Non-Newtonian droplet breakup in a T-junction microdevice containing constriction induced asymmetric parallel branches

Abstract

Here, we describe the breakup and post-breakup dynamics of a non-Newtonian droplet of xanthan gum aqueous solution in asymmetric parallel branch microdevices. Our experimental results reveal that the droplet breakup regimes, namely, obstruction, tunnel, combined, non-breakup, and parallel, are the functions of xanthan gum concentration and the continuous phase flow rate. We examined the influence of fluid properties on droplet breakup stages by varying the xanthan gum concentration in an aqueous solution that exhibited increasing shear-thinning and elastic properties with its concentration. Four sequential stages (squeezing, transition, pinch-off, and filament thinning) are identified during the droplet breakup process. We found that upstream pressure controlled the squeezing stage, and fluid properties mainly steered the filament rupture stage.

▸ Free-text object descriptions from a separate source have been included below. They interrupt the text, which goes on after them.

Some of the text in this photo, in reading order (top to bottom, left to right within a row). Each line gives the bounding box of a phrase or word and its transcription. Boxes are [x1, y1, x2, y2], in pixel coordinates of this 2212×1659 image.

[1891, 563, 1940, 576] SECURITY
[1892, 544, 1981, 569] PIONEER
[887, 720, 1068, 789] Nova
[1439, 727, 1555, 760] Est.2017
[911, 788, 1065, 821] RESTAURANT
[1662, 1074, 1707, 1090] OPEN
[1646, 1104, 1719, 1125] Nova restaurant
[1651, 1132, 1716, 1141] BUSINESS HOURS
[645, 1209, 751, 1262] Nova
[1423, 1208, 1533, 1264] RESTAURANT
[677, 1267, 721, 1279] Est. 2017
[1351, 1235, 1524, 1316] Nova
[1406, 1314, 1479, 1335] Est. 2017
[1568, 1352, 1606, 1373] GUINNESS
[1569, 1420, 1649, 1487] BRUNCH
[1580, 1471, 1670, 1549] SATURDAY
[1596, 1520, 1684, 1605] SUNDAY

A complex interaction between elastic, capillary, and inertial forces further divided the final stage into the stretching and fluid-drainage stages. The Hencky strain characterized the formation of a persistent cylindrical filament in the stretching stage that decayed exponentially in the fluid-drainage stage. Eventually, this study highlights the significance of parallel branches with asymmetric geometric confinements on droplet splitting. Enhanced asymmetry is observed for the elongated filament, emphasizing the dominance of feedback from the downstream confinement.